(Data entries)
= = = = = = =
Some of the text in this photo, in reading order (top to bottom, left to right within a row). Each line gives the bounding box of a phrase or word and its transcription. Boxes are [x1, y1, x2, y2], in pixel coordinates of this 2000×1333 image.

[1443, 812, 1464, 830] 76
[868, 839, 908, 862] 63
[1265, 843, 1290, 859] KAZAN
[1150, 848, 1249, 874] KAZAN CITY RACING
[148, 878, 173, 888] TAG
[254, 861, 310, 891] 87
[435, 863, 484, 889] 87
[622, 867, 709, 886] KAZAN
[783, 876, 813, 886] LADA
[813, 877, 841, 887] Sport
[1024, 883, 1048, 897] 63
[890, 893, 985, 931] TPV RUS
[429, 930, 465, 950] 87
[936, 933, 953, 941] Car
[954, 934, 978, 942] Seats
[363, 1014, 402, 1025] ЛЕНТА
= = = = = = =
**EXERCISE OBJECTIVE:** The response should contain each record above, retyped exactly.

**EXERCISE RESPONSE:**
Some of the text in this photo, in reading order (top to bottom, left to right within a row). Each line gives the bounding box of a phrase or word and its transcription. Boxes are [x1, y1, x2, y2], in pixel coordinates of this 2000×1333 image.

[1443, 812, 1464, 830] 76
[868, 839, 908, 862] 63
[1265, 843, 1290, 859] KAZAN
[1150, 848, 1249, 874] KAZAN CITY RACING
[148, 878, 173, 888] TAG
[254, 861, 310, 891] 87
[435, 863, 484, 889] 87
[622, 867, 709, 886] KAZAN
[783, 876, 813, 886] LADA
[813, 877, 841, 887] Sport
[1024, 883, 1048, 897] 63
[890, 893, 985, 931] TPV RUS
[429, 930, 465, 950] 87
[936, 933, 953, 941] Car
[954, 934, 978, 942] Seats
[363, 1014, 402, 1025] ЛЕНТА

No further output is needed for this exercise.